## [Excerpted records]

*** Block opens ***

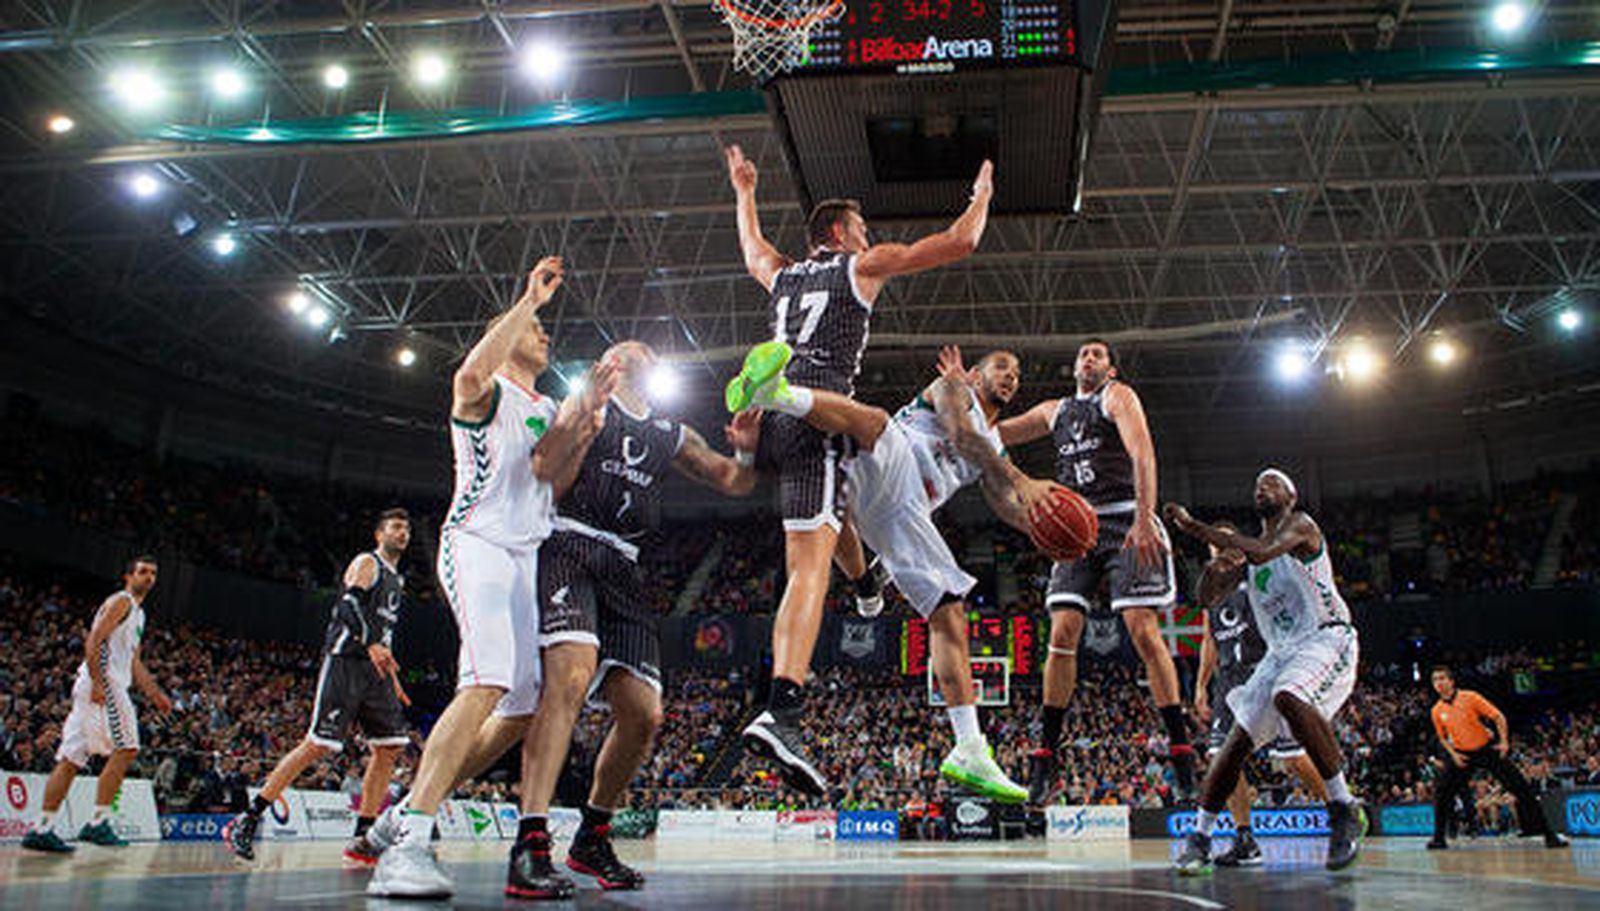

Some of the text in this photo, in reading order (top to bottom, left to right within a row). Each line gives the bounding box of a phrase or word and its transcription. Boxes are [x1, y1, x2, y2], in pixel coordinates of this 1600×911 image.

[773, 290, 829, 344] 17
[1072, 460, 1096, 486] 15
[181, 817, 218, 836] etb
[854, 817, 896, 835] IMQ
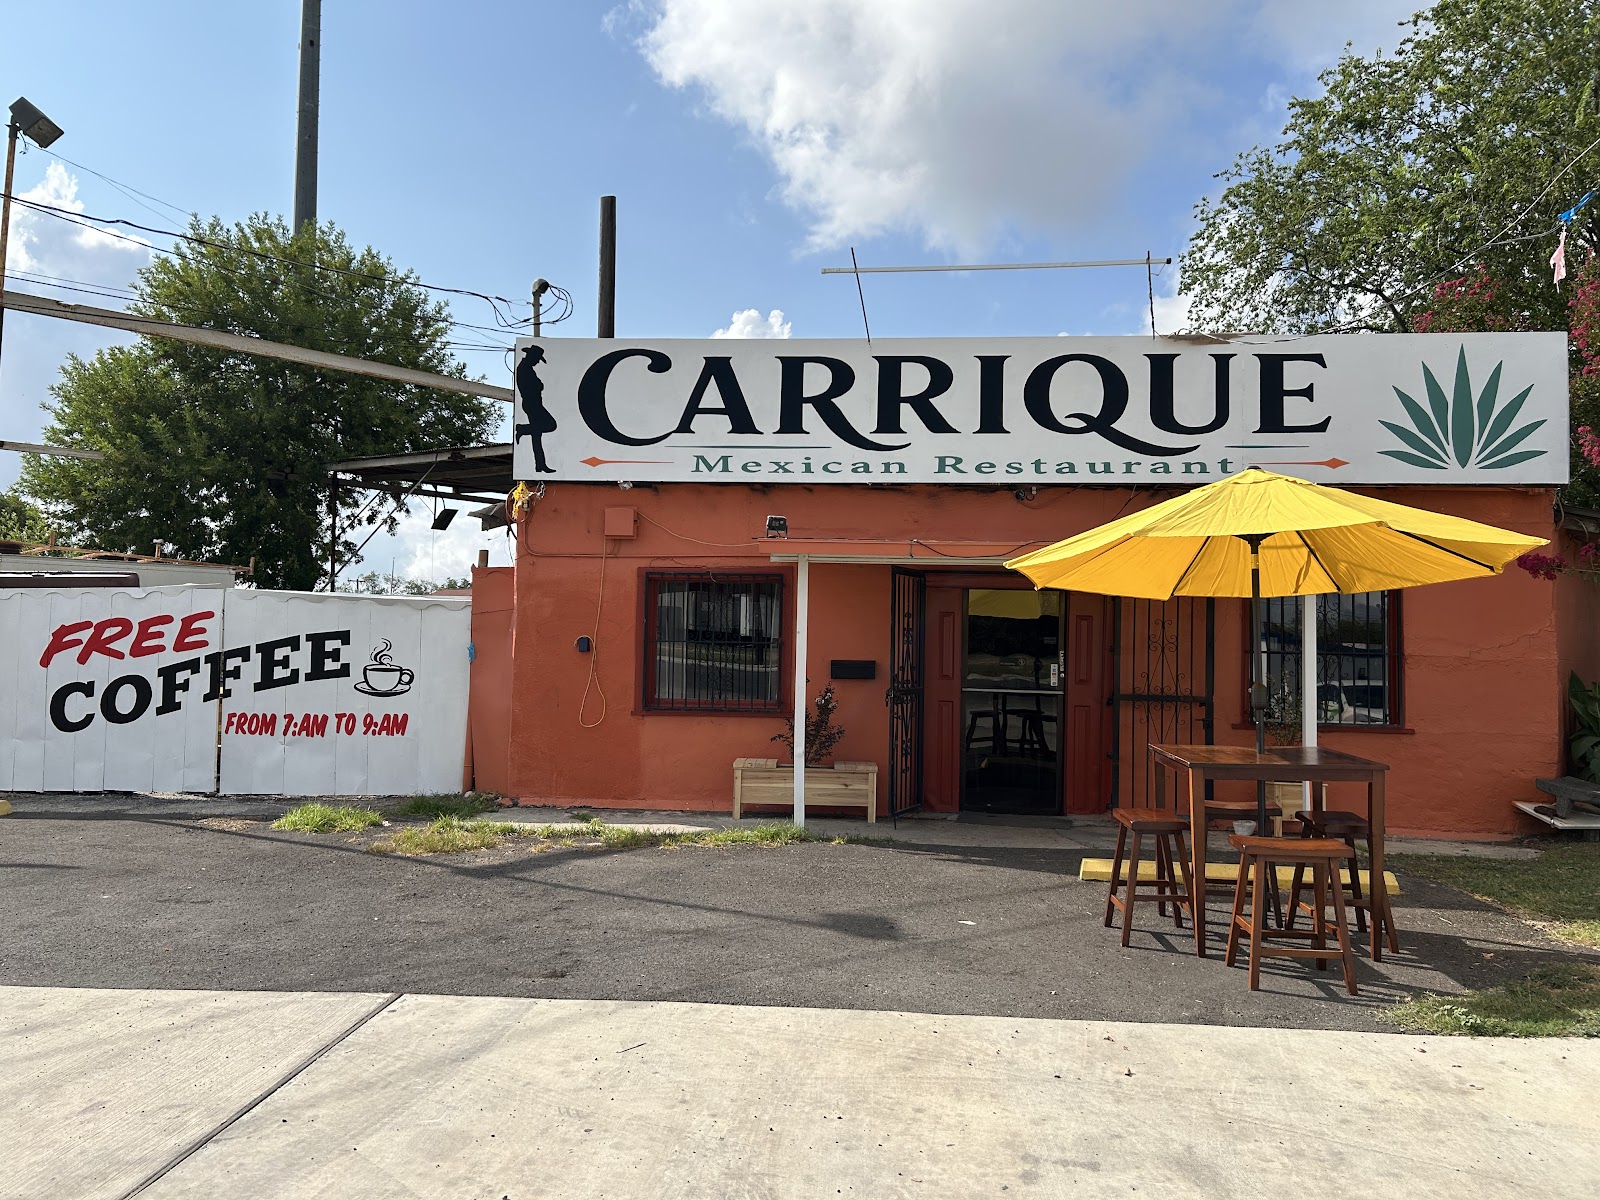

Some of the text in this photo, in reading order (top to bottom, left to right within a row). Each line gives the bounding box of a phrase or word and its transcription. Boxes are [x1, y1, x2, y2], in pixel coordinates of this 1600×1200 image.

[577, 347, 1332, 456] CARRIQUE
[691, 455, 1235, 476] Mexican Restaurant
[40, 610, 215, 668] FREE
[49, 629, 351, 733] COFFEE
[224, 712, 409, 738] FROM 7:AM TO 9:AM

*** Block closes ***

## [Task goal]
Return all of the records above exactly as written. Omit each picture.

## [Response area]
Some of the text in this photo, in reading order (top to bottom, left to right within a row). Each line gives the bounding box of a phrase or word and its transcription. Boxes are [x1, y1, x2, y2], in pixel coordinates of this 1600×911 image.

[773, 290, 829, 344] 17
[1072, 460, 1096, 486] 15
[181, 817, 218, 836] etb
[854, 817, 896, 835] IMQ

Some of the text in this photo, in reading order (top to bottom, left to right within a row). Each line gives the bounding box of a phrase or word and its transcription. Boxes are [x1, y1, x2, y2], in pixel coordinates of this 1600×1200 image.

[577, 347, 1332, 456] CARRIQUE
[691, 455, 1235, 476] Mexican Restaurant
[40, 610, 215, 668] FREE
[49, 629, 351, 733] COFFEE
[224, 712, 409, 738] FROM 7:AM TO 9:AM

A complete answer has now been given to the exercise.